Change-Id: Ia19786cece783d39f26df24dec8788833a6a3f21
Reviewed-on: https://go-review.googlesource.com/c/go/+/226297
Reviewed-by: Giovanni Bajo <rasky@develer.com>
Reviewed-by: Cherry Zhang <cherryyz@google.com>
---

diff --git a/src/runtime/mpagealloc.go b/src/runtime/mpagealloc.go
index bb751f1f8e..60926fbebf 100644
--- a/src/runtime/mpagealloc.go
+++ b/src/runtime/mpagealloc.go
@@ -724,7 +724,7 @@ nextLevel:
 	// is what the final level represents.
 	ci := chunkIdx(i)
 	j, searchIdx := s.chunkOf(ci).find(npages, 0)
-	if j < 0 {
+	if j == ^uint(0) {
 		// We couldn't find any space in this chunk despite the summaries telling
 		// us it should be there.

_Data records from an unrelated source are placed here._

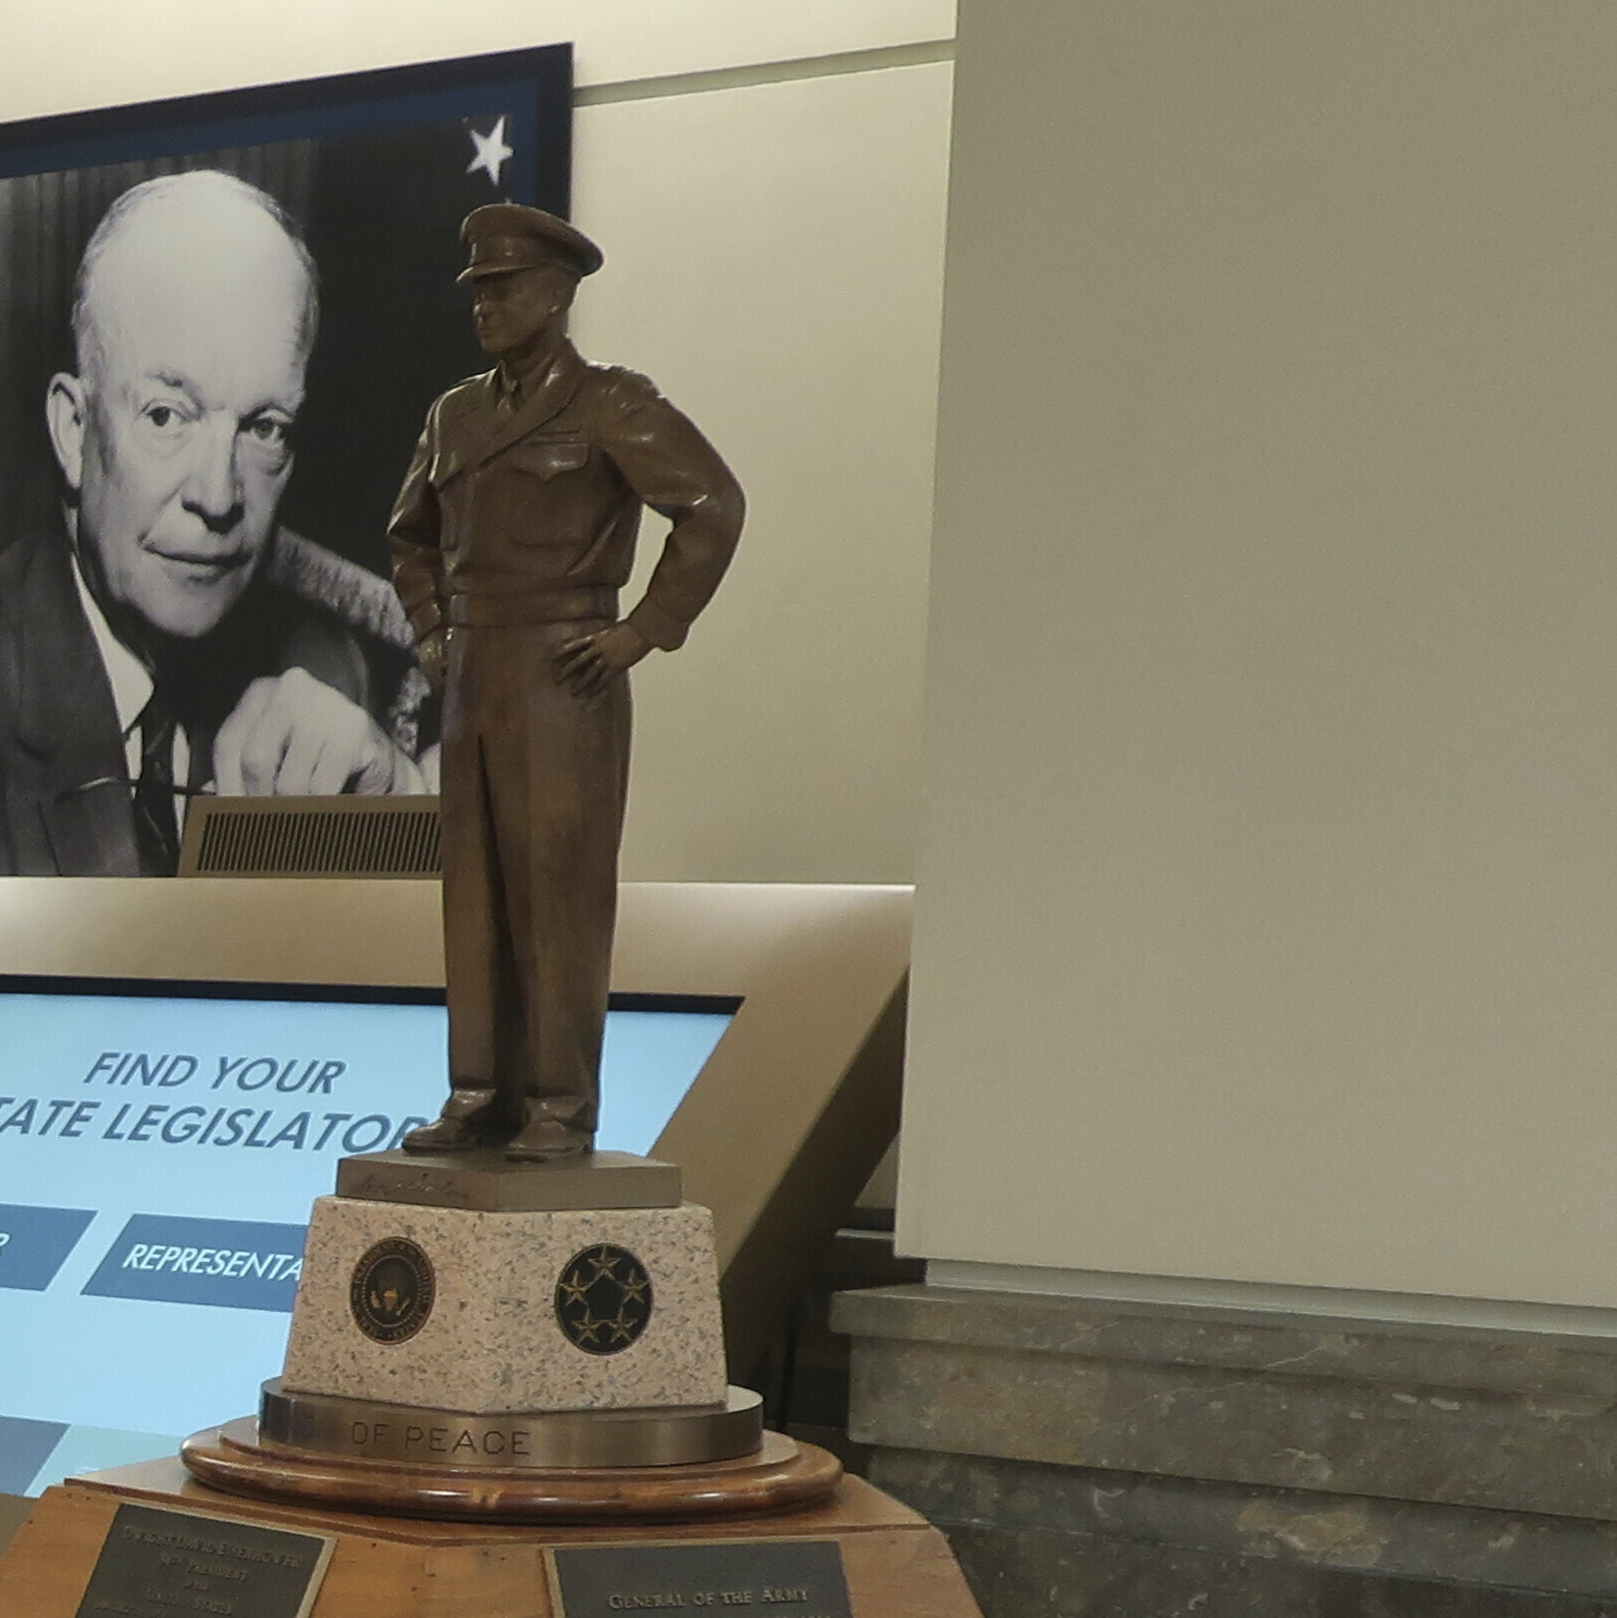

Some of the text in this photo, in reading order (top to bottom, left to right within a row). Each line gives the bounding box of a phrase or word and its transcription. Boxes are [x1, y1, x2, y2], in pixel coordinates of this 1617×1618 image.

[82, 1052, 346, 1094] FIND YOUR
[351, 1421, 531, 1456] OF PEACE
[609, 1587, 809, 1610] GENERAL OF THE ARMY
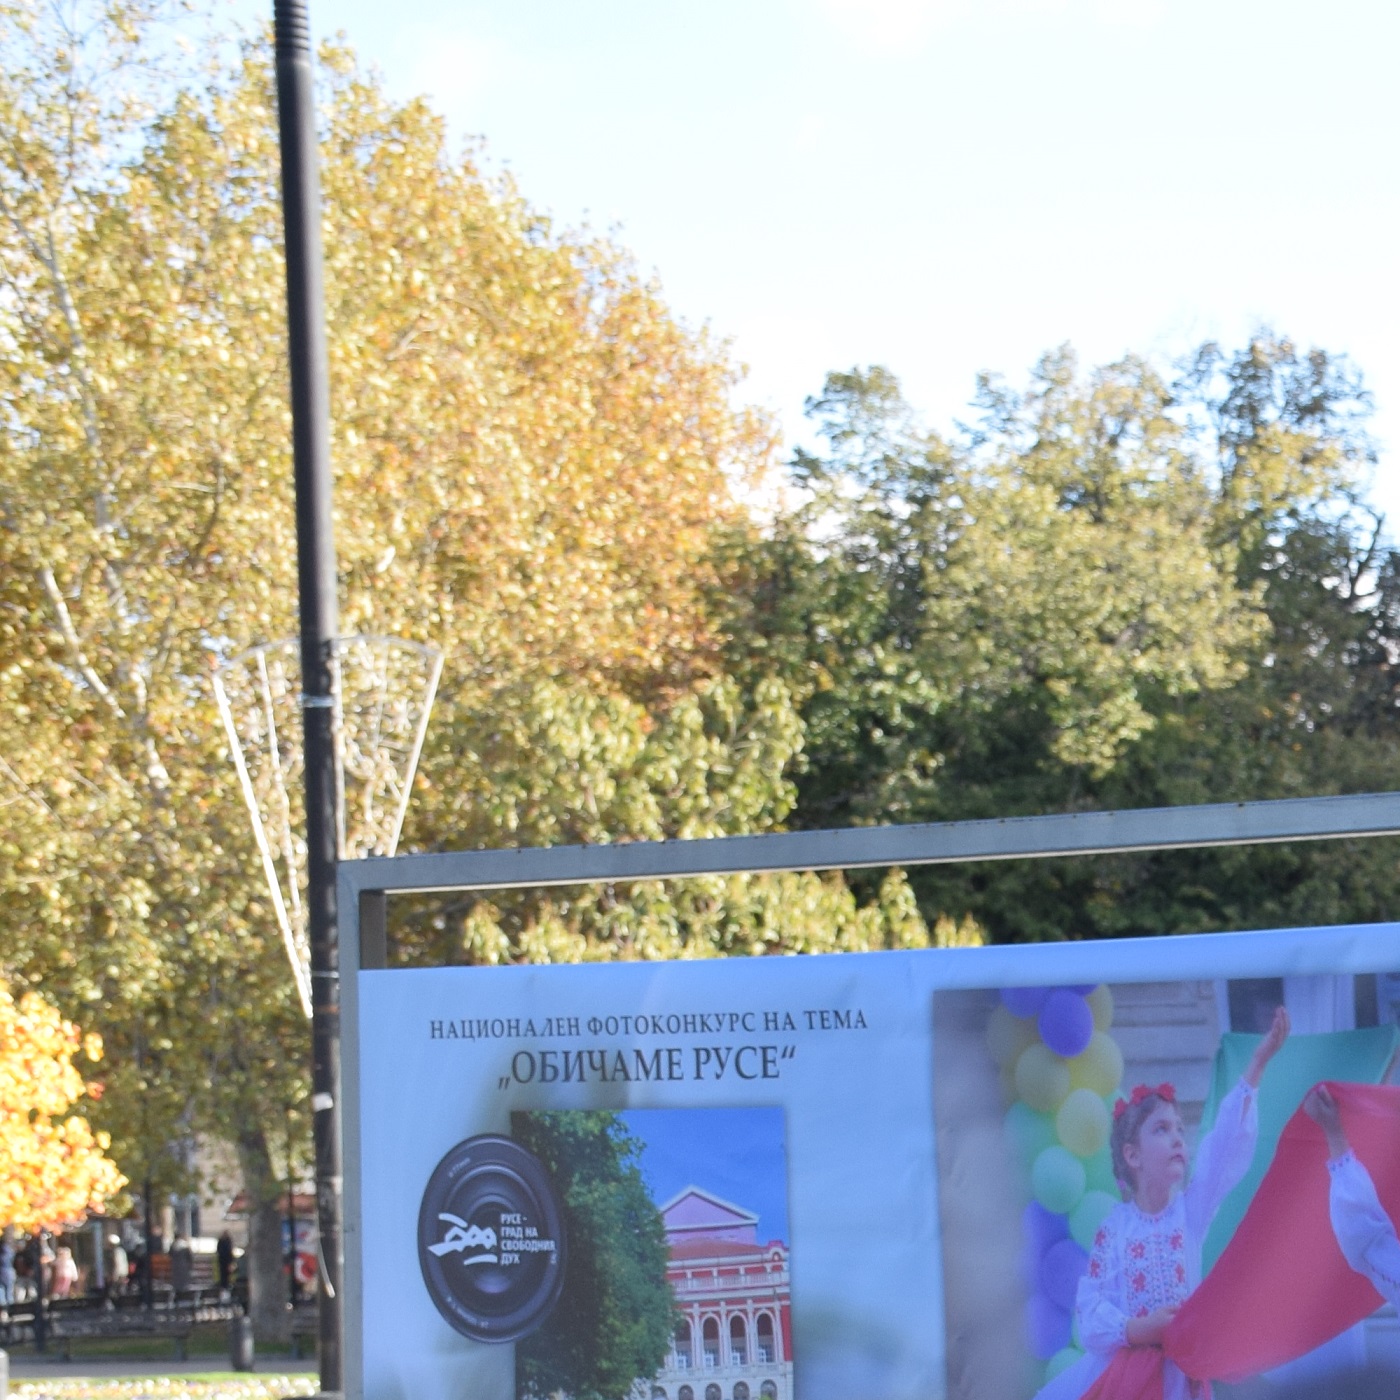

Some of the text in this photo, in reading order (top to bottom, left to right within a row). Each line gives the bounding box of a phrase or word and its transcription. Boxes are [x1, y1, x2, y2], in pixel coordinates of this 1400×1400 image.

[429, 1009, 868, 1042] НАЦИОНАЛЕН ФОТОКОНКУРС НА ТЕМА
[498, 1045, 796, 1090] „ОБИЧАМЕ РУСЕ“
[501, 1213, 521, 1225] РУСЕ
[501, 1226, 538, 1239] ГРАД НА
[501, 1240, 556, 1252] СВОБОДНИЯ
[501, 1253, 520, 1265] ДУХ

There's likely a bug, so dump some state and throw.
 		sum := s.summary[len(s.summary)-1][i]
@@ -766,7 +766,7 @@ func (s *pageAlloc) alloc(npages uintptr) (addr uintptr, scav uintptr) {
 		i := chunkIndex(s.searchAddr)
 		if max := s.summary[len(s.summary)-1][i].max(); max >= uint(npages) {
 			j, searchIdx := s.chunkOf(i).find(npages, chunkPageIndex(s.searchAddr))
-			if j < 0 {
+			if j == ^uint(0) {
 				print("runtime: max = ", max, ", npages = ", npages, "\n")
 				print("runtime: searchIdx = ", chunkPageIndex(s.searchAddr), ", s.searchAddr = ", hex(s.searchAddr), "\n")
 				throw("bad summary data")
diff --git a/src/runtime/mpagecache.go b/src/runtime/mpagecache.go
index 9fc338bd8e..5b679d357d 100644
--- a/src/runtime/mpagecache.go
+++ b/src/runtime/mpagecache.go
@@ -115,7 +115,7 @@ func (s *pageAlloc) allocToCache() pageCache {
 		// Fast path: there's free pages at or near the searchAddr address.
 		chunk := s.chunkOf(ci)
 		j, _ := chunk.find(1, chunkPageIndex(s.searchAddr))
-		if j < 0 {
+		if j == ^uint(0) {
 			throw("bad summary data")
 		}
 		c = pageCache{